2.RT-PCR及Westernblot检测结果显示pcDNA-wild-type-MYOC载体及pcDNA-MYOC-P370L载体转染后人小梁细胞MyocilinmRNA及Myocilin蛋白表达显著增加。
3.RT-PCR及Westernblot检测结果分别显示pcDNA-MYOC-P370L载体转染组与pcDNA3.1空载体转染组相比人小梁细胞内质网应激分子GRP78mRNA、GRP78蛋白质及Phospho-eIF2α蛋白表达显著减少,XBP1mRNA及XBP1蛋白质表达显著增多;而pcDNA-wild-type-MYOC载体转染组无明显变化。
4.pcDNA-MYOC-P370L载体转染组人小梁细胞MTT代谢率为(72.6±3.8)%明显低于pcDNA3.1空载体转染组(92.5±4.2)%,两组相比MTT代谢率的差异有统计学意义(P<0.05);而pcDNA-wild-type-MYOC载体转染组无明显改变。
5.pcDNA-MYOC-P370L载体瞬时转染人小梁细胞荧光探针JC-1的红色/绿色荧光强度比值(1.4±0.3)显著低于pcDNA3.1空载体转染组(3.2±0.4)(P<0.01);而pcDNA-wild-type-MYOC载体转染组无明显变化。共聚焦显微镜观察显示各组均无细胞色素C的释放。
6.共聚焦显微镜观察显示pcDNA-MYOC-P370L载体转染组人小梁细胞Paxillin蛋白质的表达量与pcDNA3.1空载体转染细胞相比明显减少;而pcDNA-wild-type-MYOC载体转染组其表达无明显改变。
7.AnnexinV/PI双标法结果显示pcDNA-MYOC-P370L瞬时转染后,人小梁细胞FITC-AnnexinV(+)/PI(-)细胞占总细胞的百分率为(47.09±4.16)%,与pcDNA3.1空载体转染组相比明显增高(12.38±1.18)%(P<0.01);而pcDNA-wild-type-MYOC载体转染组无明显变化。

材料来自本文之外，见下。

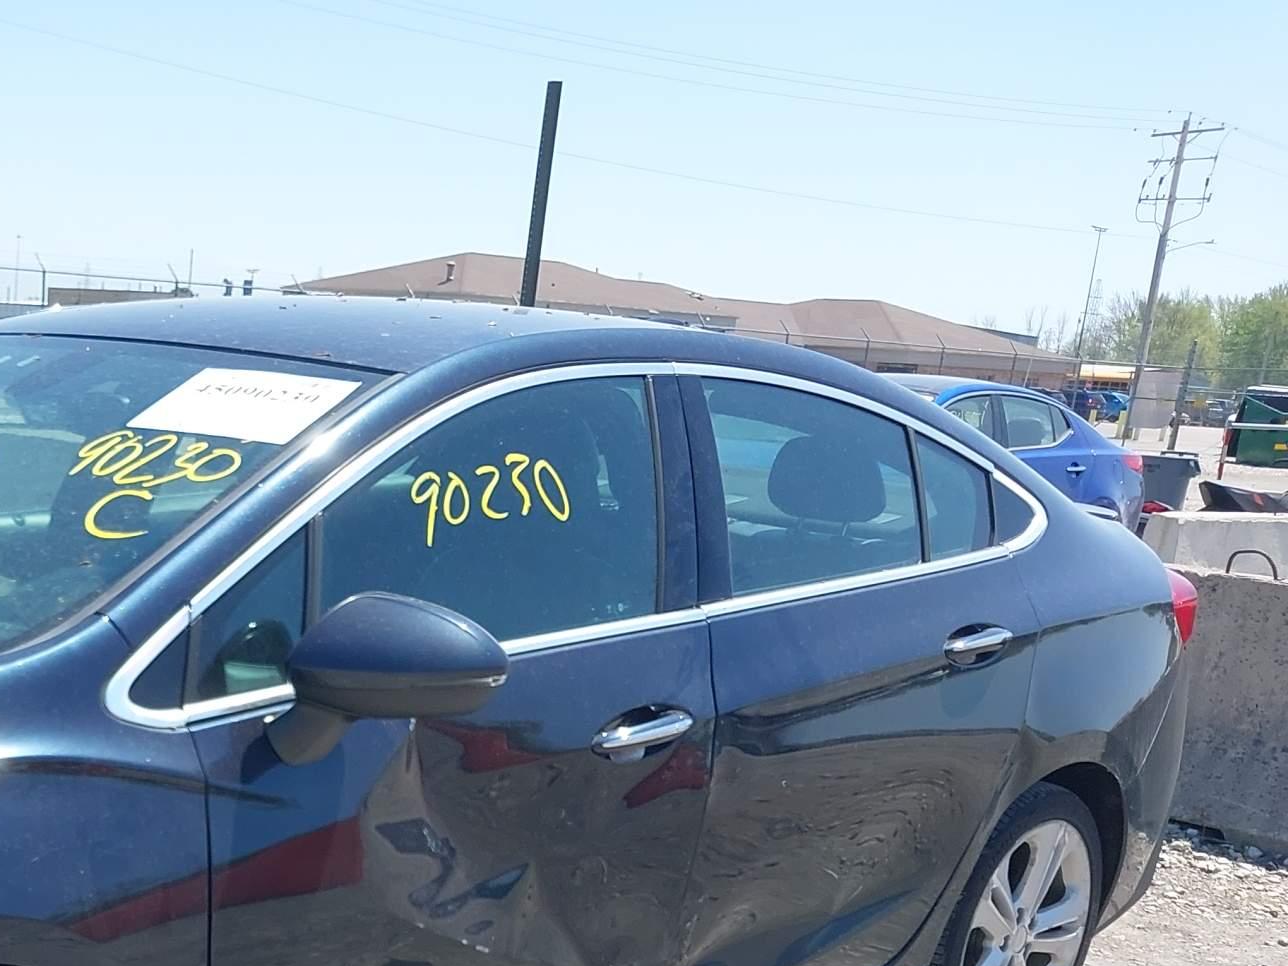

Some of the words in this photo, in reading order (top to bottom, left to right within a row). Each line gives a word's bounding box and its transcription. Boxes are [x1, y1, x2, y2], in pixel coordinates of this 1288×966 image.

[69, 430, 242, 487] 90230
[84, 489, 153, 539] C
[411, 453, 570, 547] 90230
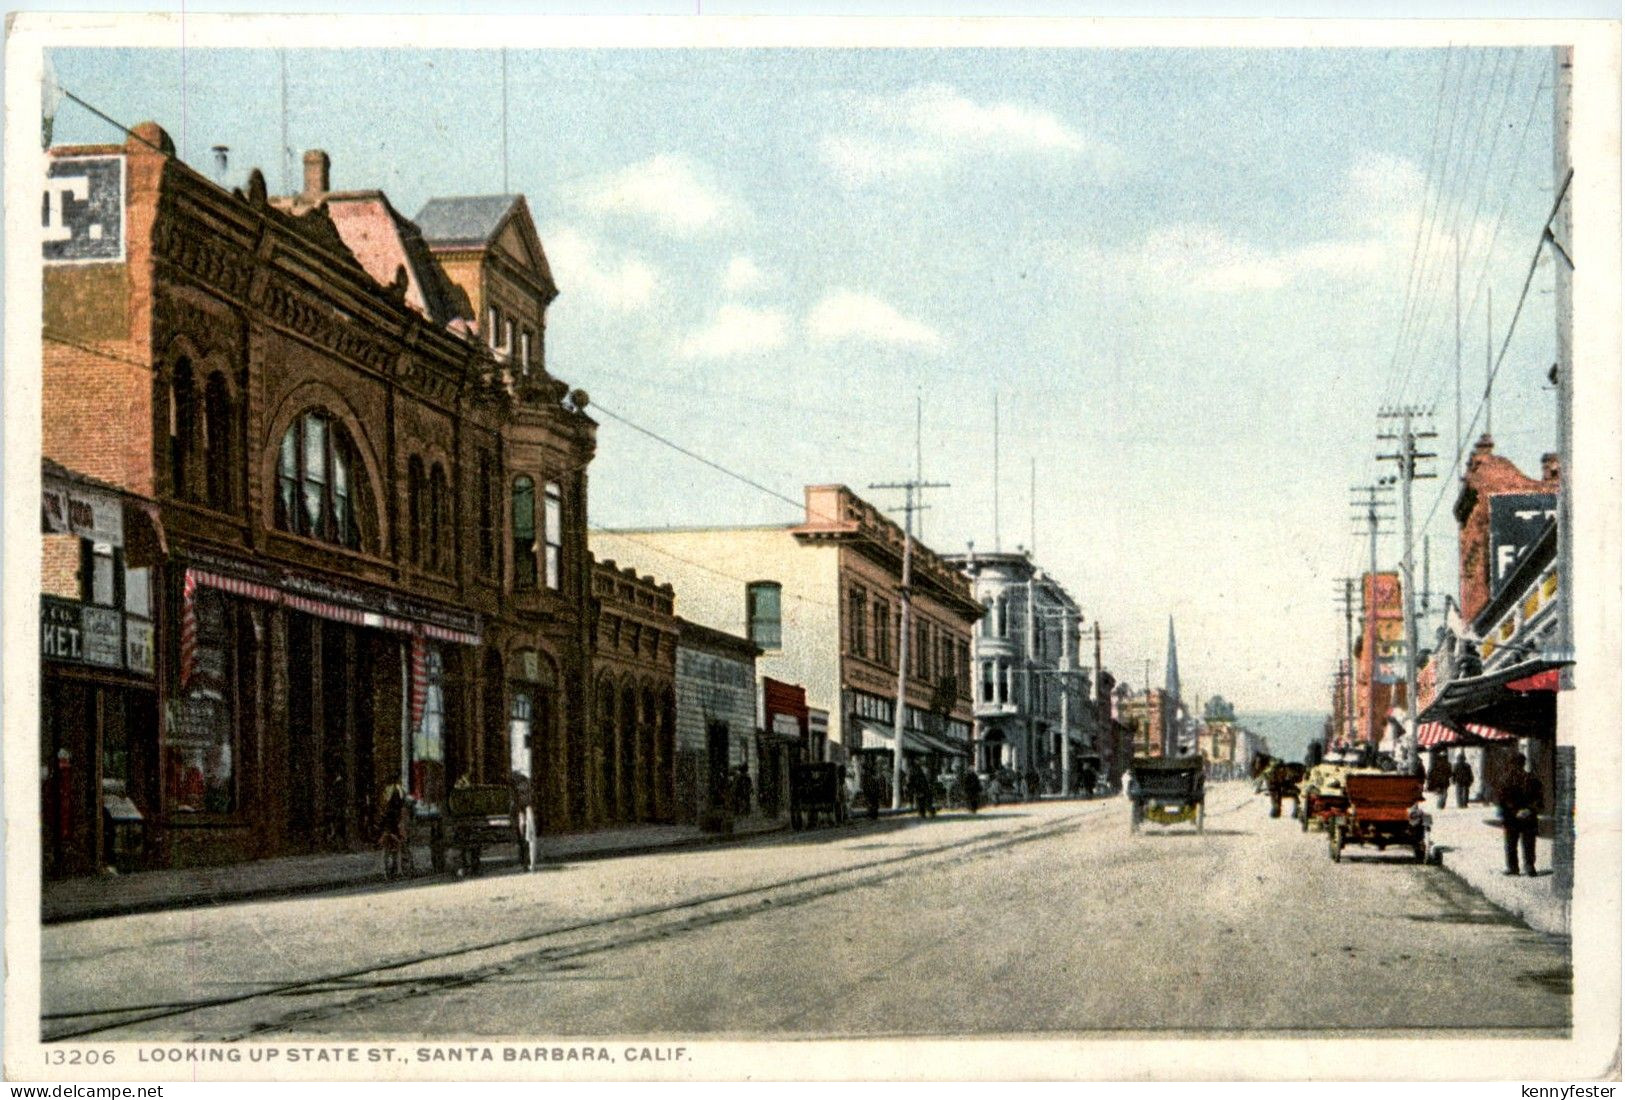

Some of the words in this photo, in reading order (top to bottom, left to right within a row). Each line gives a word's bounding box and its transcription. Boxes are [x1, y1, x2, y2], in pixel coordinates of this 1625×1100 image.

[43, 1050, 116, 1065] 13206
[139, 1048, 241, 1062] LOOKING
[249, 1048, 279, 1062] UP
[286, 1048, 359, 1062] STATE
[367, 1048, 408, 1064] ST.,
[416, 1047, 493, 1062] SANTA
[503, 1047, 615, 1063] BARBARA,
[624, 1047, 692, 1062] CALIF.
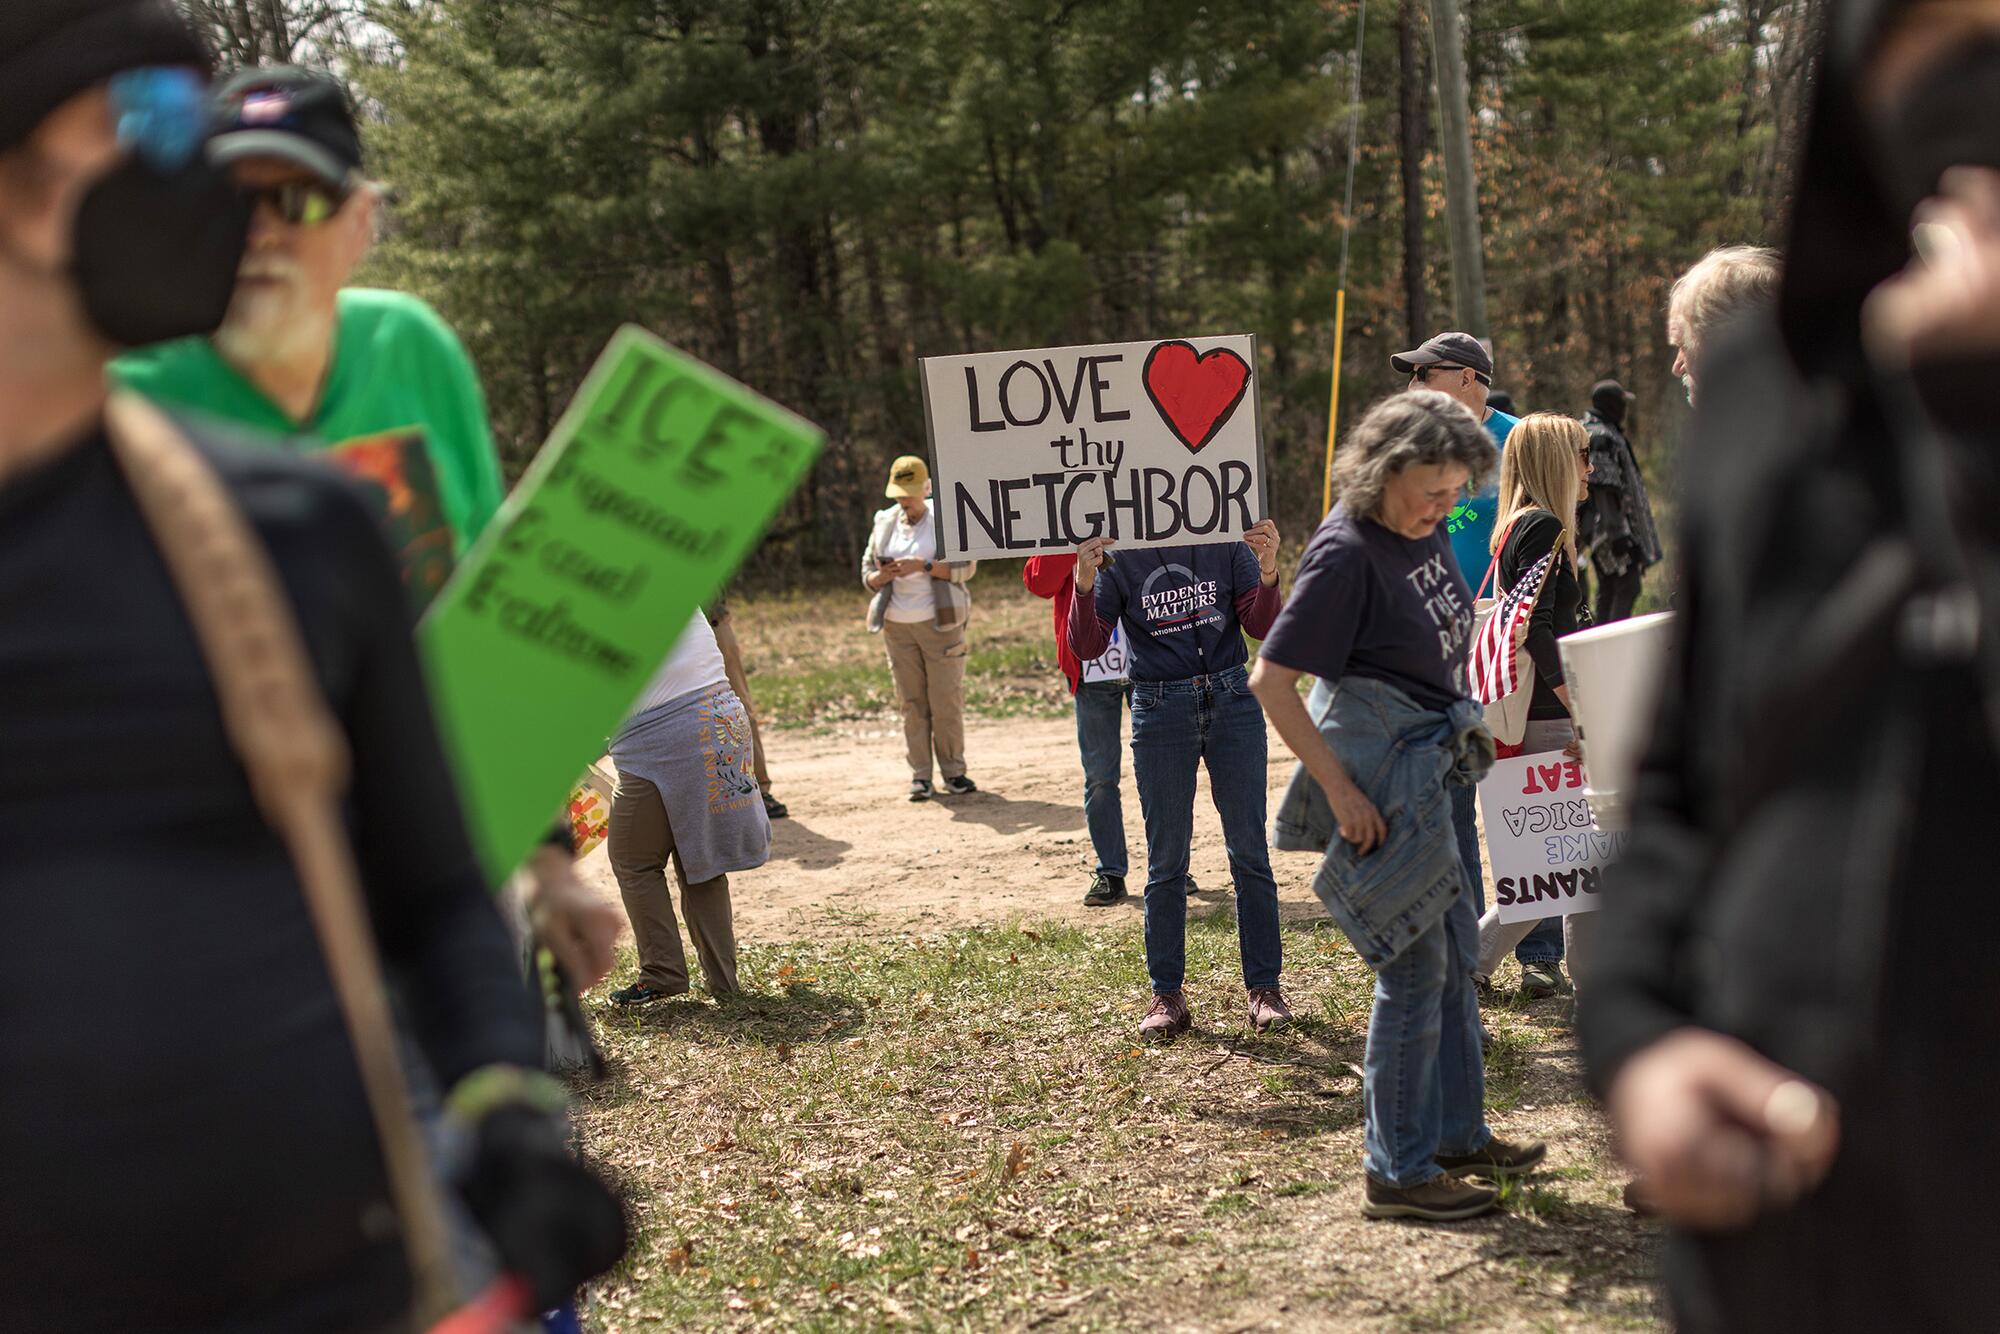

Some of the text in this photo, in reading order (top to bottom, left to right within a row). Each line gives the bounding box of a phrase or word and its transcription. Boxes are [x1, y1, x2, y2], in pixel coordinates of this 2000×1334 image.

8.相差显微镜下pcDNA-MYOC-P370L载体瞬时转染组人小梁细胞形态异常,空泡变,并有大量细胞死去。透射电镜观察到人小梁细胞细胞膜不完整、线粒体嵴断裂、线粒体肿胀、粗面内质网扩张以及脂滴和空泡增多;而pcDNA-wild-type-MYOC载体转染组人小梁细胞形态及超微结构无明显改变。
结论
1.P370L突变型Myocilin蛋白因错误折叠、构象改变而获得病理性调控功能,扰乱人小梁细胞内质网应激反应及内质网功能,改变其合成和分泌功能。
2.P370L突变型Myocilin蛋白在损伤人小梁细胞内质网功能的同时引发线粒体结构和氧化磷酸化功能的损伤,严重影响细胞生物活性,表明P370L是一种强致病性突变位点。
3.P370L突变型Myocilin真核表达载体瞬时转染人小梁细胞产生细胞毒性,引发相应病理反应,是突变型Myocilin体外研究的良好模型。
4.P370L突变型Myocilin蛋白上调糖蛋白内质网相关性降解反应,在损伤同时激发细胞保护性反应,提供治疗新靶点。
5.本研究在体外初步探讨P370L突变型Myocilin的人小梁细胞损伤机制,结果还有待于能完全模拟其自然发病过程的体内实验来进一步验证。